CHARLOTTE, N.C. -- Mecklenburg County Sheriff Irwin Carmichael says he does not favor a bill filed in the General Assembly that would allow for people buying a handgun to do a background check online.
Under the current law, handgun purchasers first have to go to the Sheriff's Office for a background check.
Cornelius State Senator introduced the bill and said, "it's time to enter the 21st century."
Under Tarte's proposed legislation, people buying a handgun would go on online and get a background check from a program run by the FBI.
It's called the "National Instant Criminal Background Check System," or NICS for short.
Tarte says NICS is as good as the systems now in place.
"We have the technology available to do the same kind of check in just a matter of moments," said Tarte.
But Mecklenburg County Sheriff Irwin Carmichael disagreed.
He said, "They do not have the resources that we do."
Carmichael said under the current law, a gun purchaser undergoes an NICS check, but Mecklenburg County digs deeper.
"We are able to check warrants.

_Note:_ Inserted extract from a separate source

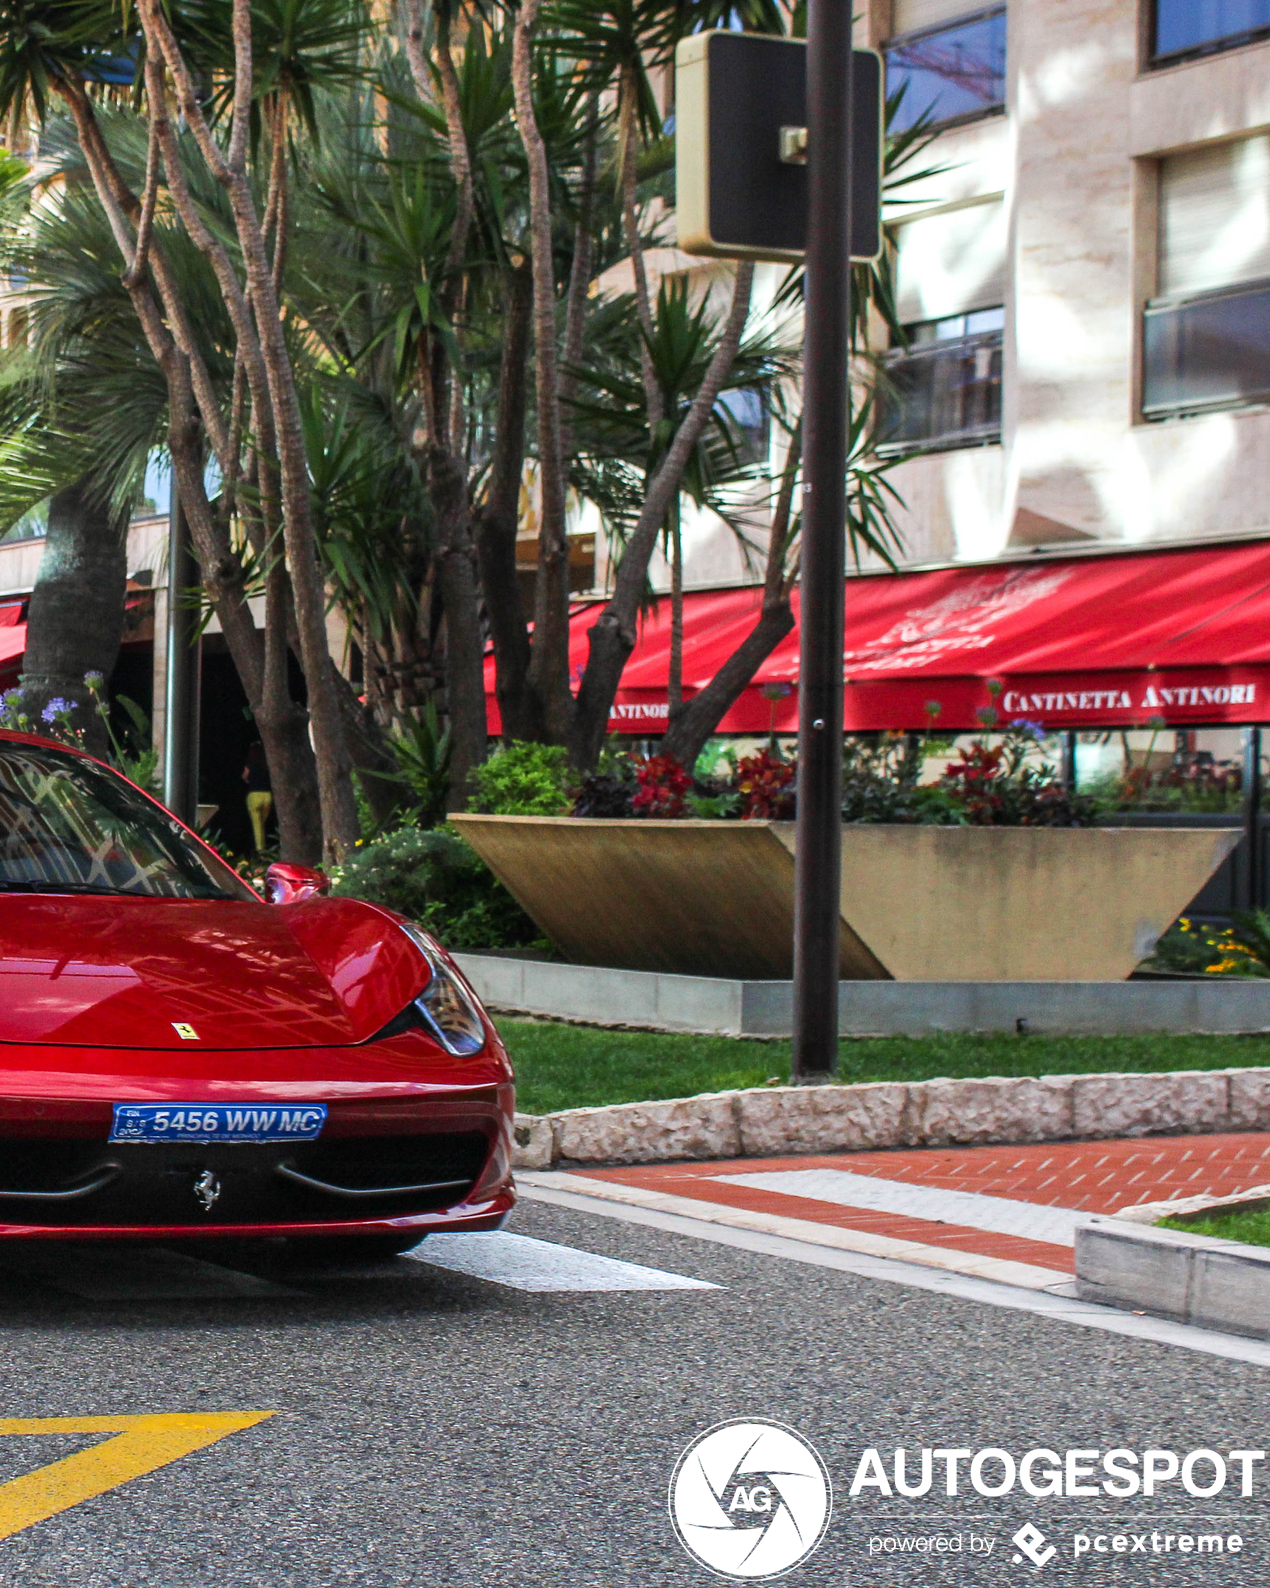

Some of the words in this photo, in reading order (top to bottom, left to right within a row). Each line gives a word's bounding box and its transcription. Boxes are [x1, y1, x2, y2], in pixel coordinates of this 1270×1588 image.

We can check for pending cases and that can deny someone a permit."
Gun store owner Larry Hyatt says the NICS system has greatly improved from just five or six years ago, adding it now includes some local information.
"Charlotte-Mecklenburg just got their mental health records put in the system so we are pretty confident in the NICS system," he says.
But Sheriff Carmichael says an NICS check alone is not enough to prevent the purchase of the gun that was used in the mass shooting at Mother Emanuel AME Church in Charleston.
"If Dylan Roof had come to Mecklenburg County, he would have been denied a permit," Carmichael said. "When NICS can do everything that we can, I'm ready to give that process up."